### The records

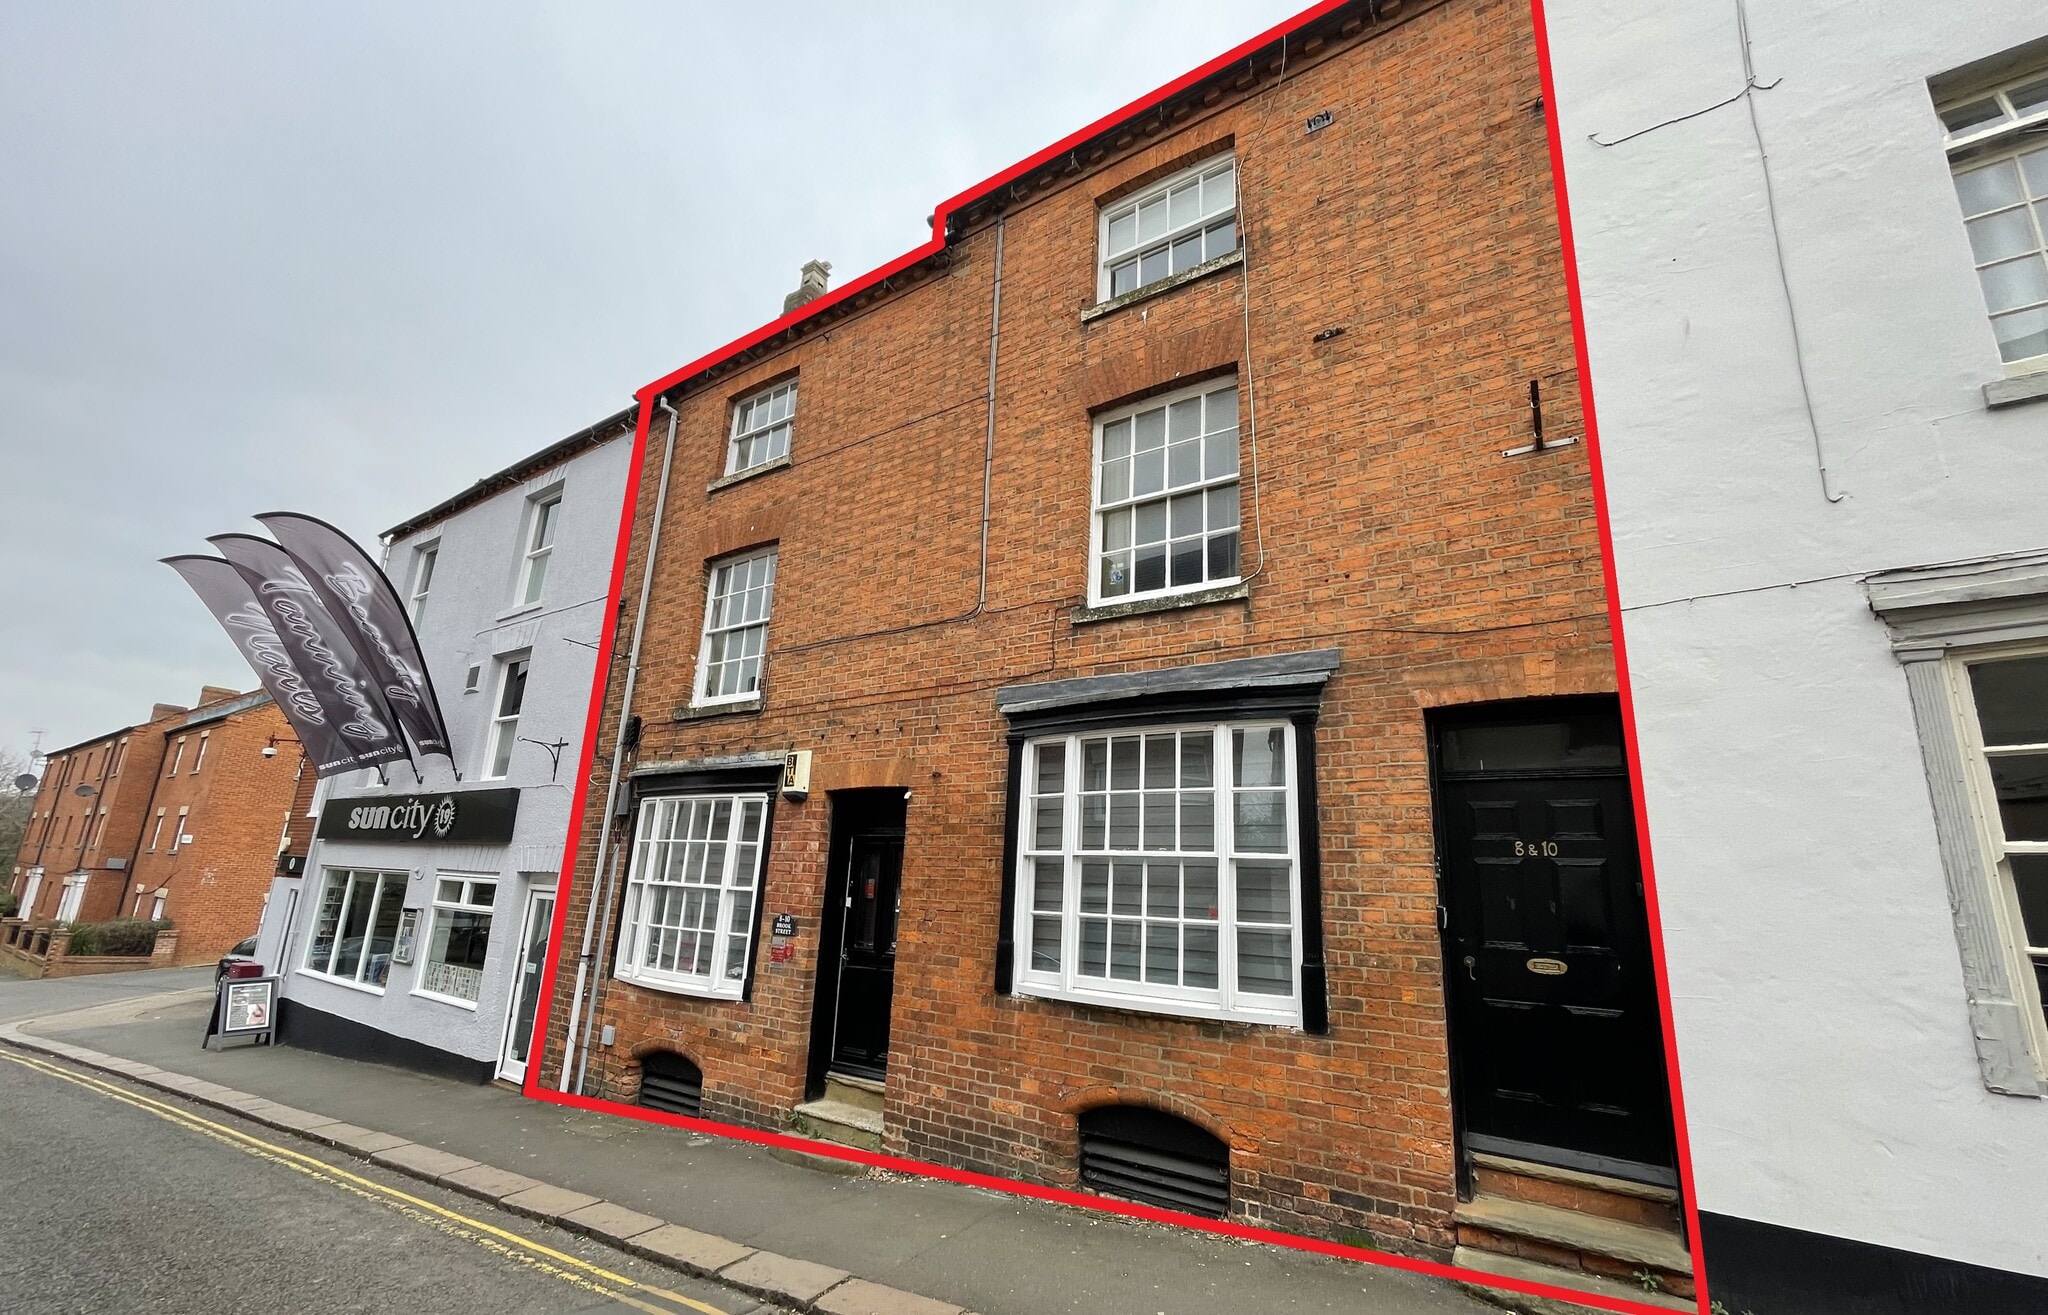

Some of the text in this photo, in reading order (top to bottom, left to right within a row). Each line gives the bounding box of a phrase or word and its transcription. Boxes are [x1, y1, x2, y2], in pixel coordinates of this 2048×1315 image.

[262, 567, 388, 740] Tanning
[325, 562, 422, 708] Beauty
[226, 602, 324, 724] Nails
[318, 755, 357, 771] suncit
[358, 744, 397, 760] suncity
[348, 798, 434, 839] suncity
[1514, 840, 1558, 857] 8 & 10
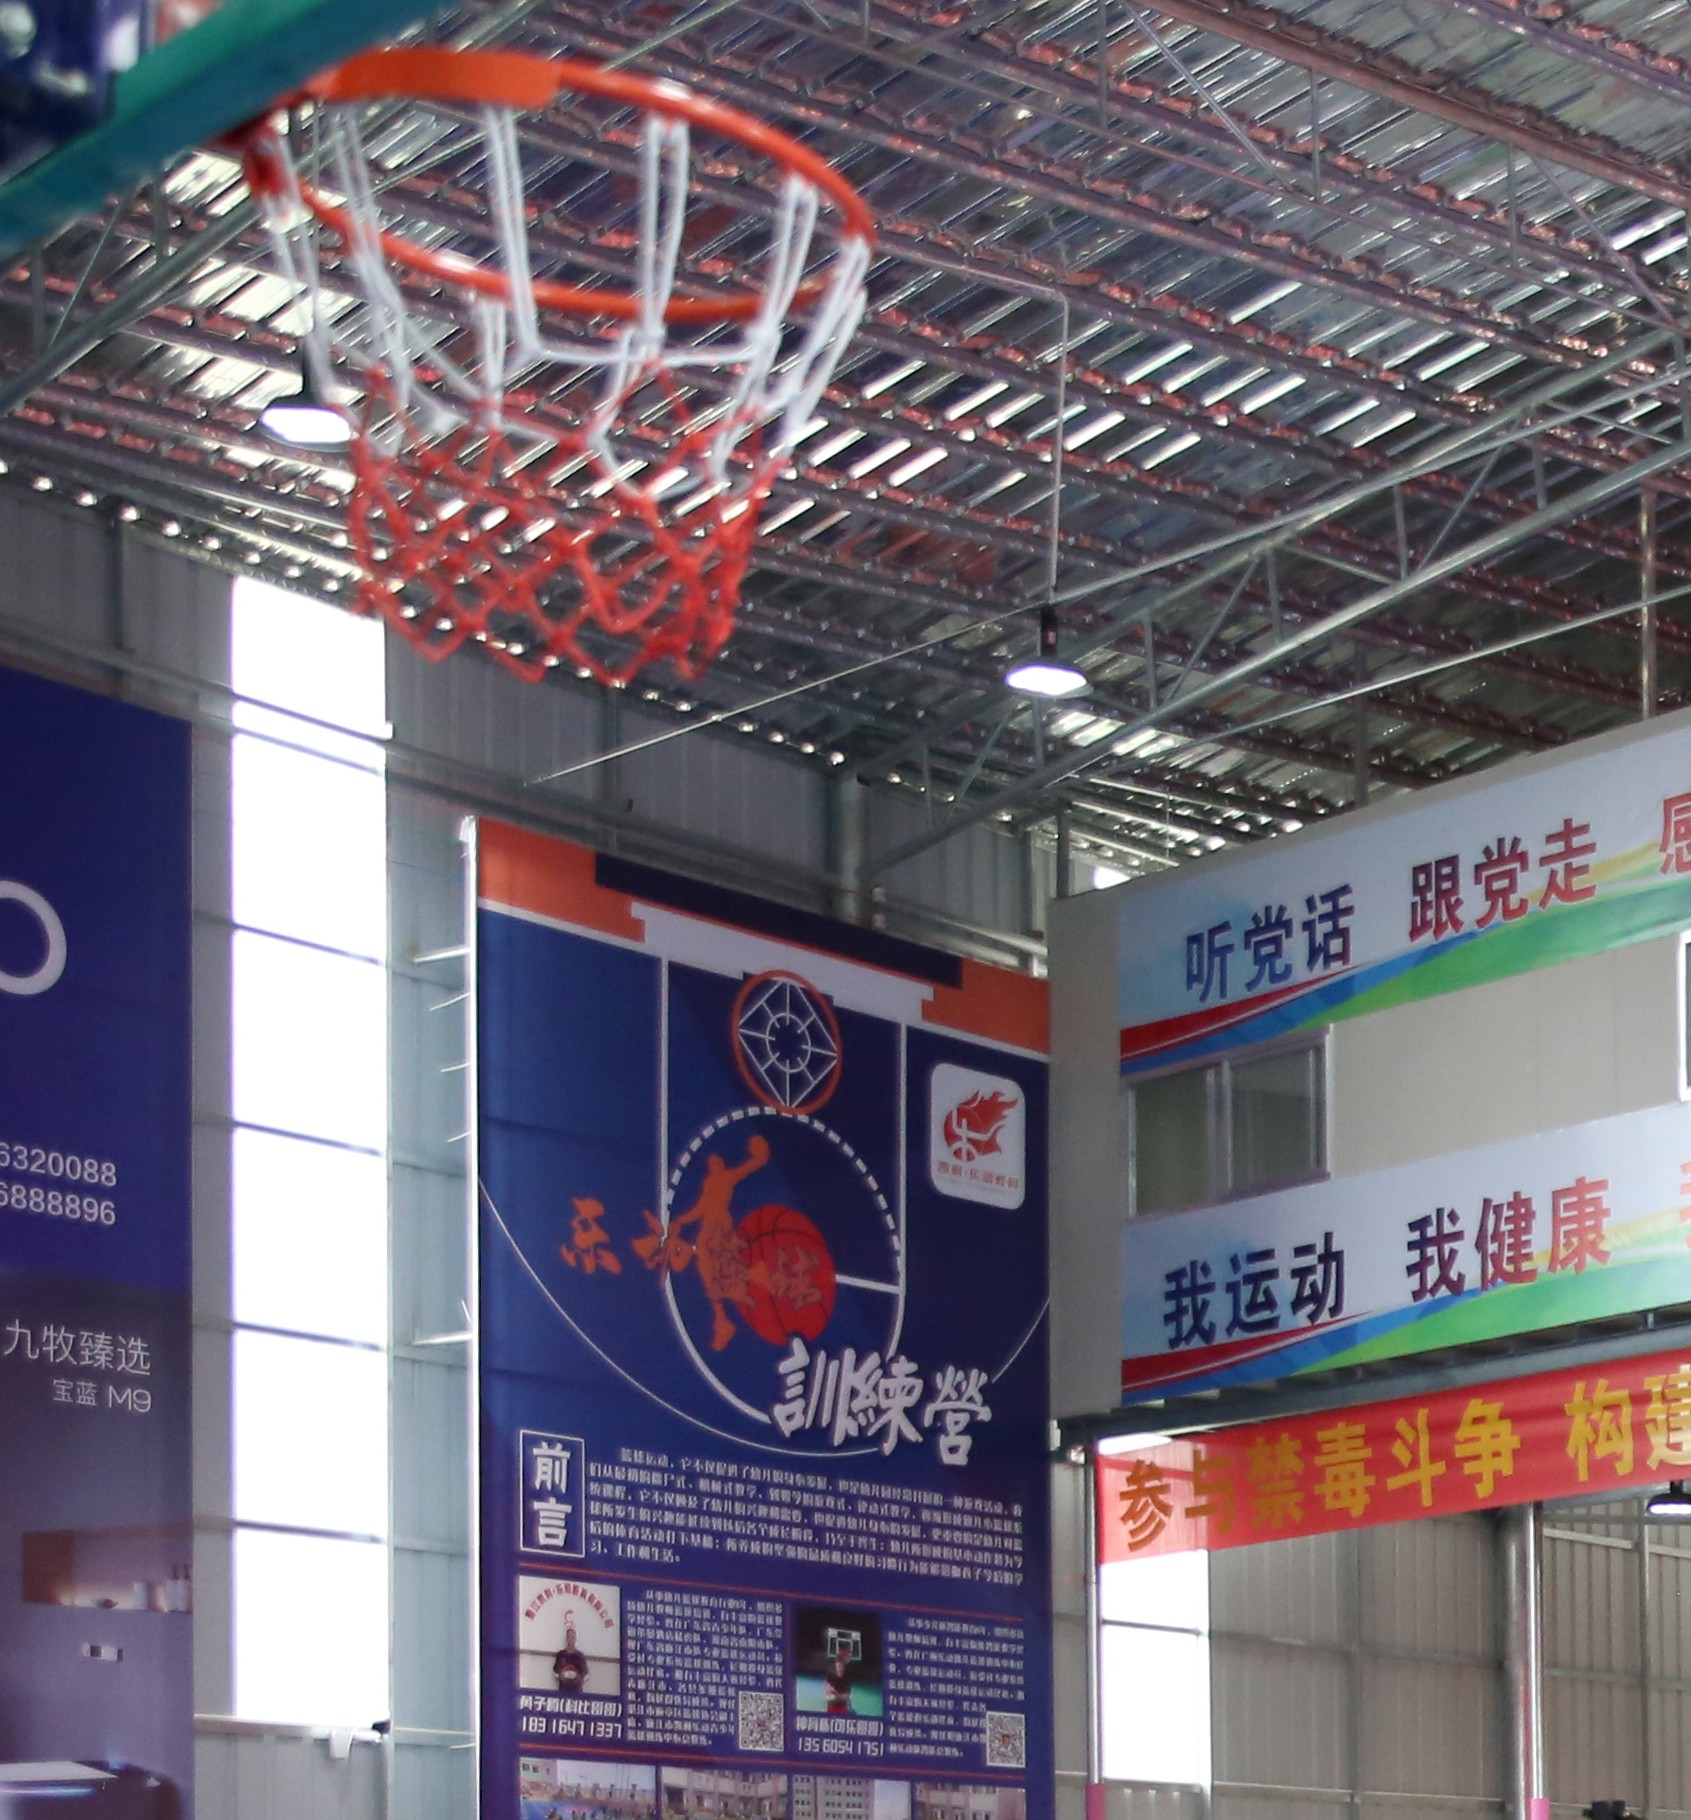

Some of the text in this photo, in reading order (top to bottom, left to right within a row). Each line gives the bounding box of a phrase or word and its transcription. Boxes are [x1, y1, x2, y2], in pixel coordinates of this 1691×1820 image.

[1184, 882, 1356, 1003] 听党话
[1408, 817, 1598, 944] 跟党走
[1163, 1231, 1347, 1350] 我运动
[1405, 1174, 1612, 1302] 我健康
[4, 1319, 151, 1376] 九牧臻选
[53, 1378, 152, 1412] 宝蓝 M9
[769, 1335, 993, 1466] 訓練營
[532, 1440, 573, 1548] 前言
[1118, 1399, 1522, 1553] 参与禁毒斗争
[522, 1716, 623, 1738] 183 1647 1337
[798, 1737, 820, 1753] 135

### Exercise prompt
Repeat word for word the lines running from the line containing "this 1691×1820 image." to the end of the entries above, inclusive.

### Task answer
Some of the text in this photo, in reading order (top to bottom, left to right within a row). Each line gives the bounding box of a phrase or word and its transcription. Boxes are [x1, y1, x2, y2], in pixel coordinates of this 1691×1820 image.

[1184, 882, 1356, 1003] 听党话
[1408, 817, 1598, 944] 跟党走
[1163, 1231, 1347, 1350] 我运动
[1405, 1174, 1612, 1302] 我健康
[4, 1319, 151, 1376] 九牧臻选
[53, 1378, 152, 1412] 宝蓝 M9
[769, 1335, 993, 1466] 訓練營
[532, 1440, 573, 1548] 前言
[1118, 1399, 1522, 1553] 参与禁毒斗争
[522, 1716, 623, 1738] 183 1647 1337
[798, 1737, 820, 1753] 135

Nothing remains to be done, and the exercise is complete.